Lately dependency injection has become a popular topic within the developer community. This may be caused (or be the cause for – a bit like chicken and egg) by the availability of respective containers. One of the first broadly used containers was probably Spring.NET (a .NET port of the java Spring Framework), the castle project came to my attention a few times, and the latest addition is the Policy Injection Application Block (PIAB) as part of the Enterprise Library 3.0 (Microsoft patterns & practices group).
If you are new to dependency injection, the castle project “getting started” does a good job of highlighting the gist. Since the PIAB is a relatively new addition to the Enterprise Library (and came quite as a surprise) you may want to have a look at the announcement with a general introduction or some implementation details.
Dependency injection as a basic concept that has its value on its own, yet it is also tied to some other concepts, namely factories (the usual way to realize dependency injection) and aspect oriented programming (AOP, aspects being just special dependencies to inject).
I have to admit that I am not exactly a big fan of AOP (to say the least). And dependency injection in all its broad beauty requires some real hard thinking during design, discipline during development, and a sound understanding of concept and design during maintenance. Some of these demands may be in short supply — which is neither surprising nor exactly a bad thing; different developers (especially corporate developers) simply have different backgrounds and different topic priorities. Therefore, despite the technical fanciness and the fact that dependency injection can boost flexibility, I really need a compelling reason to employ it.
Lower one’s sights
So what if dependency injection is considered too complex in a certain situation? Are we back to hardcoding? Certainly not! Enter factories.
I am a big fan of factories. Factories are a well know pattern since the advent of patterns in public awareness. They also have (the potential to have) more impact on software architecture than most other basic patterns. Did I mention that they may lay the foundation for more complex patterns, such as dependency injection and AOP?
I have used factories of a certain kind to great benefit with different patterns. Actually these patterns can be seen as degraded variants of dependency injection. (They may also have characteristics of AOP, but I won’t admit that :-) ). The primary purposes I use them for are:
- Layer separation
- (Framework) Extension points
Despite the fact that the actual factory patterns I use are quite simple and quite easy to grasp, my approach has several benefits, e.g.:
- Better layer interfaces/layer separation/separation of concerns
- The easy employment of simulators and mock objects allows independent development of layers and better testability
- “Chaining” or “call interception” (if needed!) can be used to add orthogonal functionality such as caching. Actually this works exactly like described in the PIAB, albeit not with tool support.

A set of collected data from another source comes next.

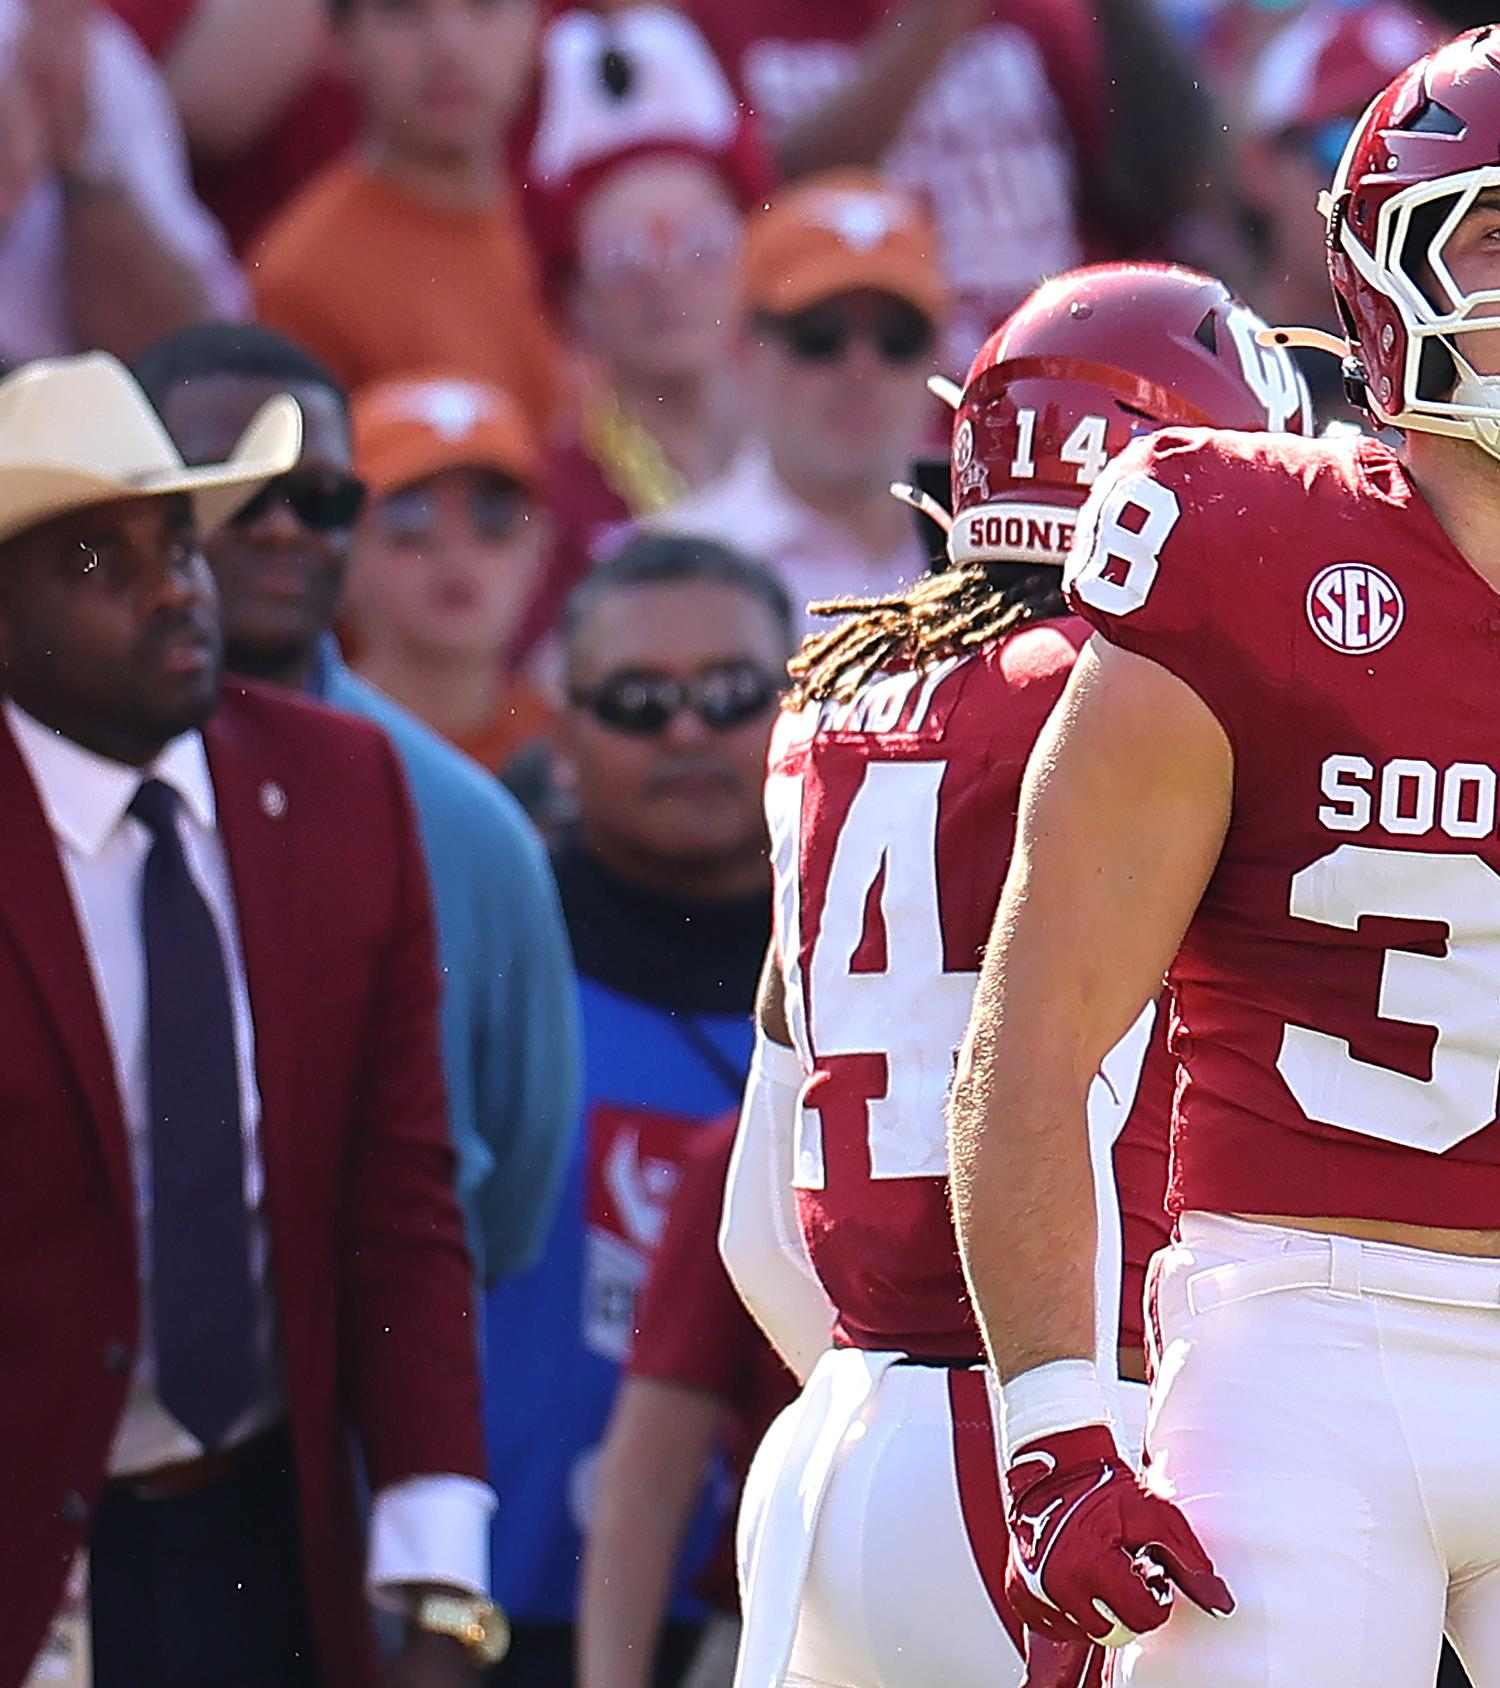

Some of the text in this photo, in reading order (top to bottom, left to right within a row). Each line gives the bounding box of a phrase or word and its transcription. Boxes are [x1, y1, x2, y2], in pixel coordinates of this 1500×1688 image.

[1011, 409, 1108, 485] 14
[970, 517, 1077, 552] SOONE
[1064, 472, 1182, 616] 8
[1314, 568, 1396, 648] SEC
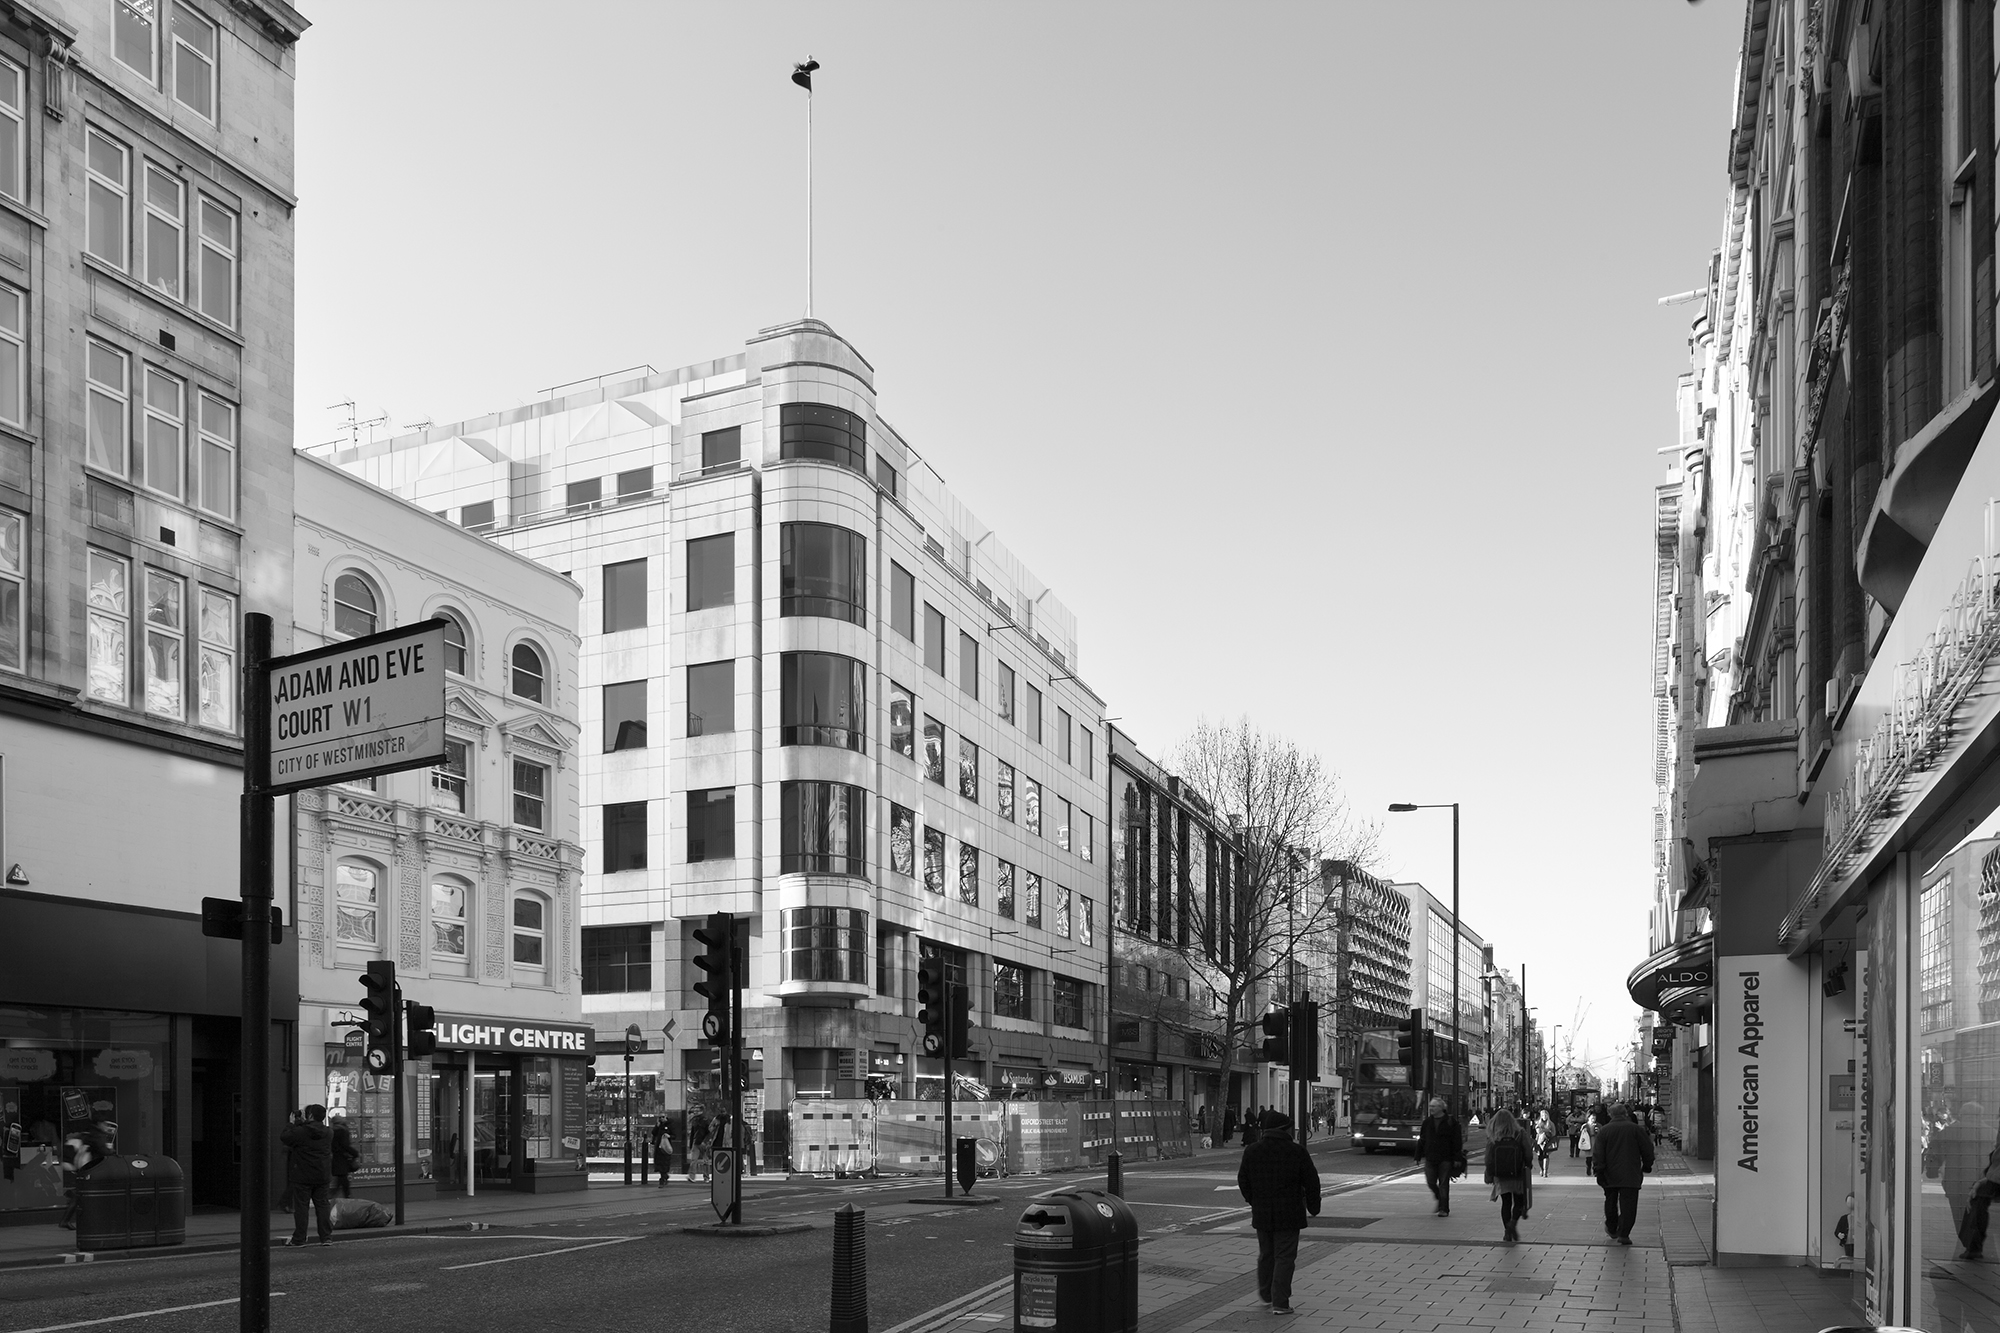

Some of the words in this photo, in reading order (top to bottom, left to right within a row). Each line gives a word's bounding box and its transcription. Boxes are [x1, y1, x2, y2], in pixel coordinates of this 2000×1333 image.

[278, 665, 332, 703] ADAM
[339, 654, 379, 690] AND
[386, 643, 425, 680] EVE
[278, 704, 333, 741] COURT
[343, 696, 371, 727] W1
[278, 756, 302, 775] CITY
[306, 753, 319, 770] OF
[323, 736, 405, 767] WESTMINSTER
[1657, 972, 1709, 983] ALDO
[1737, 971, 1763, 1059] Apparel
[509, 1028, 586, 1050] CENTRE
[1122, 1028, 1138, 1036] M&S
[1009, 1071, 1034, 1085] Santander
[1020, 1118, 1039, 1126] OXFORD
[1039, 1118, 1054, 1126] STREET
[1737, 1064, 1759, 1173] American

- The possibility to adorn common features with application specific features.
Of course all this (and probably more) can be done with fully fledged dependency injection. But at the cost of more complexity (and container dependency may be an issue, too). (And to prevent angry comments: I’m not saying dependency injection is bad — Au contraire! — I’m just presenting an alternative approach.)
I’m going to dig into the details in the following posts, concepts and code. But not today.